I posted what appears to be the top comment on the previous submission of a
similar paper describing the probable laboratory origins of SARS-CoV-2
([https://news.ycombinator.com/item?id=23875758](https://news.ycombinator.com/item?id=23875758)),
so I'll try and do another quick summary here. (Caveat: I have no particular
expertise in this area, I just read a lot of scientific research)

The lead author here is an immunologist who, unlike the authors of prior
papers alleging laboratory origin, is Chinese and was trained in Chinese
institutions. At the time of the outbreak Dr. Li-Meng Yan was working in a
public health lab at Hong Kong University and was asked to investigate. She
claims that she fled to the US after realizing that there was a cover-up going
on and she knew too much already.

The most striking and novel claim made here is that the bat coronavirus
RaTG13, which is a 96% genetic match to the novel coronarivus, is a total
fabrication. This argument is based upon a few key observations:

1\. RaTG13 was supposedly discovered in 2013 but not publicly reported until
after the outbreak already started, in a paper (published by researchers
closely affiliated with the WIV) that claimed it as evidence SARS-CoV-2 likely
originated from bats.

2\. A number of independent preprint papers raise significant concerns about
the veracity of RaTG13, and one published paper indicates that the RaTG13
spike protein is actually ineffective at binding to ACE2 receptors in
horseshoe bats (the supposed reservoir).

3\. After excluding RaTG13, the next closest relatives are two bat
coronaviruses (ZC45/ZXC21) that were discovered and characterized by Chinese
military research labs.
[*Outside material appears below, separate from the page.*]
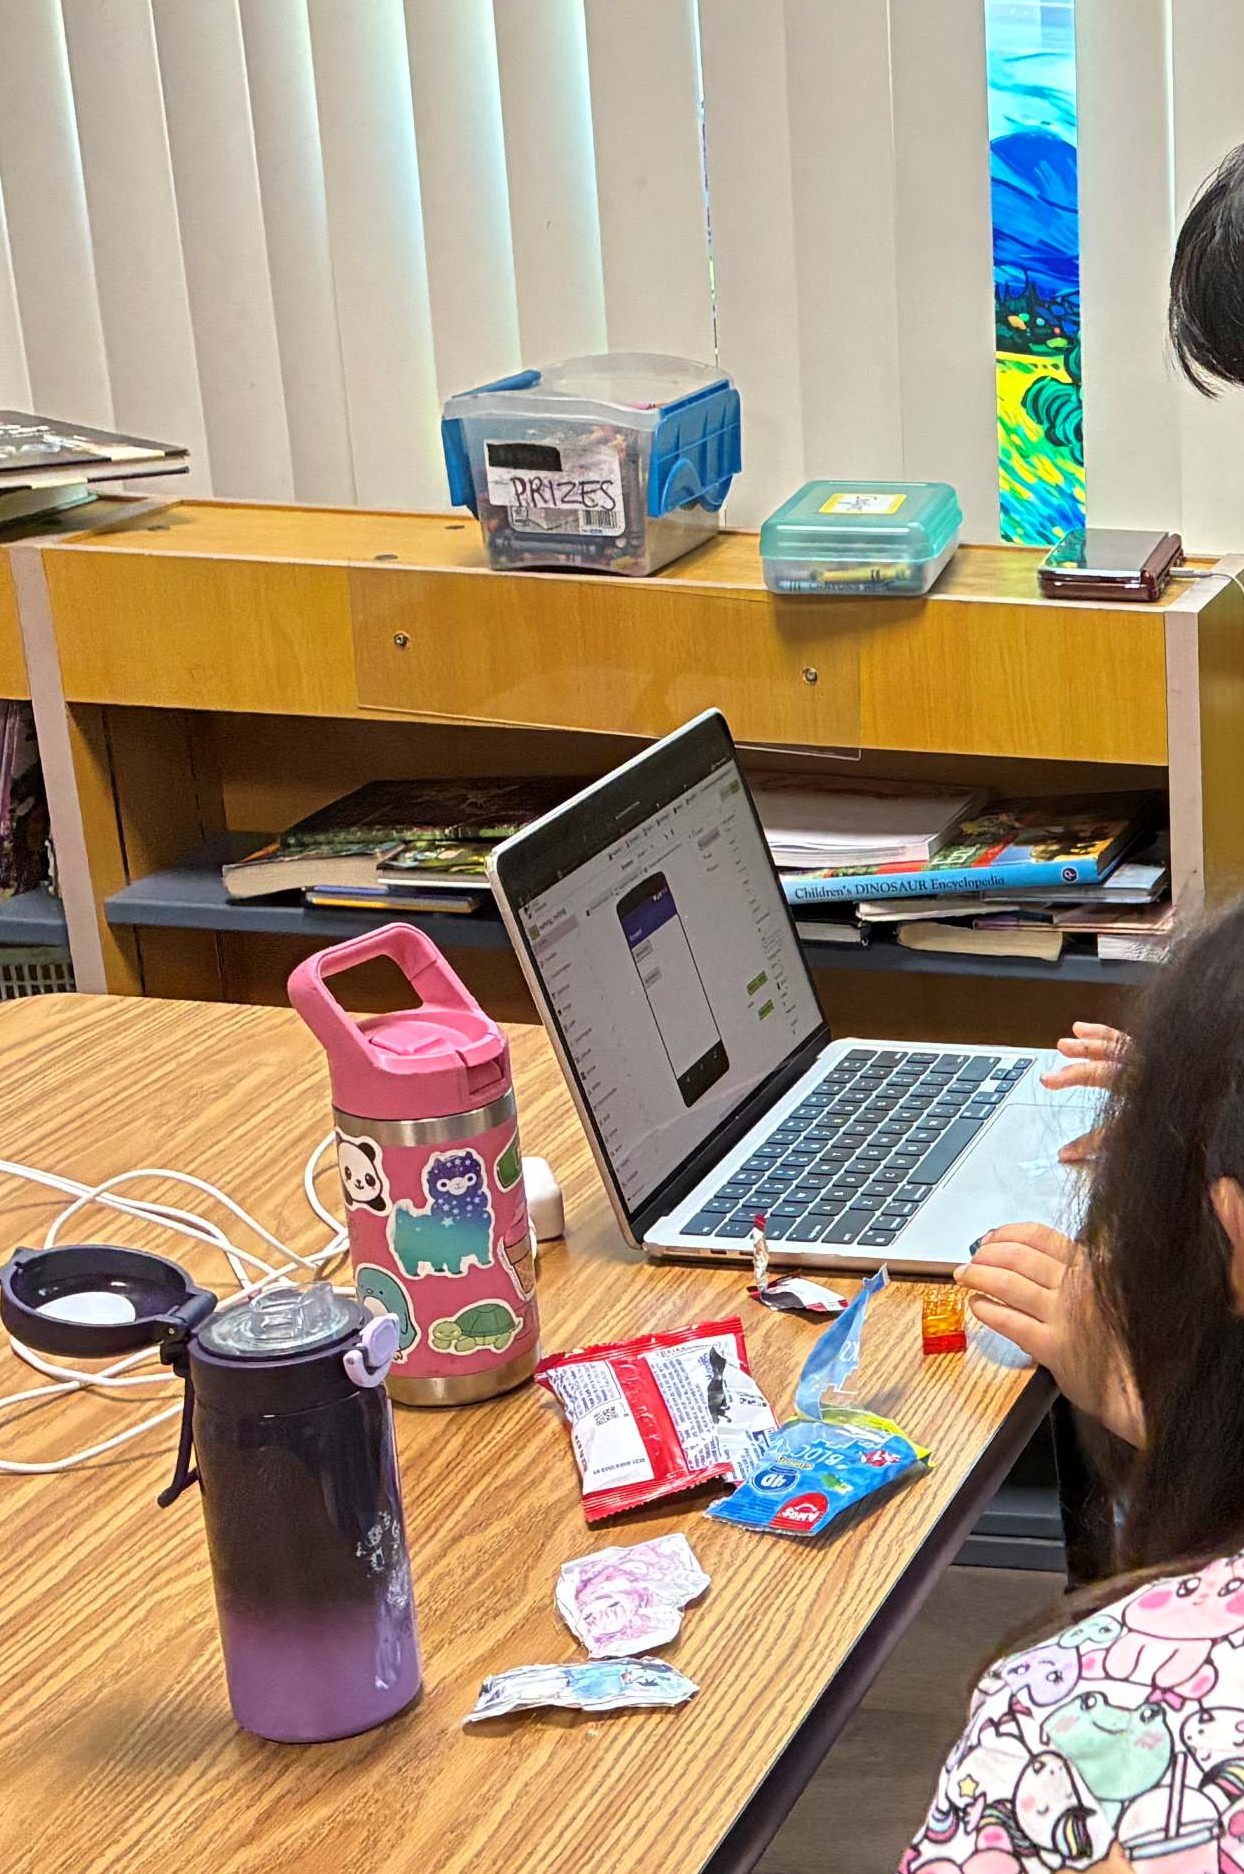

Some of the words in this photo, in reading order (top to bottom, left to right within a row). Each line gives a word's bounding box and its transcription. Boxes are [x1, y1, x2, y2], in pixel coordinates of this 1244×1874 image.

A Chinese lab published research near the start of the
outbreak which identified these viruses as the closest relatives, and that
same lab was apparently closed for "rectification" shortly thereafter.
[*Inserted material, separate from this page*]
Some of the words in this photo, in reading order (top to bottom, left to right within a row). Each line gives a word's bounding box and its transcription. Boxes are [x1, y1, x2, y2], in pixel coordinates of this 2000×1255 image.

The paper goes on under the assumption that ZC45 or ZXC21 was the backbone for
engineering the SARS-CoV-2 virus, noting how the particular characteristics of
the genomic match (100% E protein, 94% Orf8 protein) align with what one would
expect after the gain-of-function modifications that produced the unusual RBM
and furin cleavage site which were also identified in the Sørensen paper. This
paper goes into much more detail on those two points, and provides
counterfactuals to describe how unlikely these observations would be in a
naturally-evolved virus.

In the second half of the paper the authors describe in detail how a lab with
sufficient technical acumen could engineer a virus like SARS-CoV-2 through a
sequence of well-defined steps, with references to published research
demonstrating these capabilities. Then they postulate the exact components
involved in engineering the actual SARS-CoV-2, along with a projected timeline
of six months for the whole process.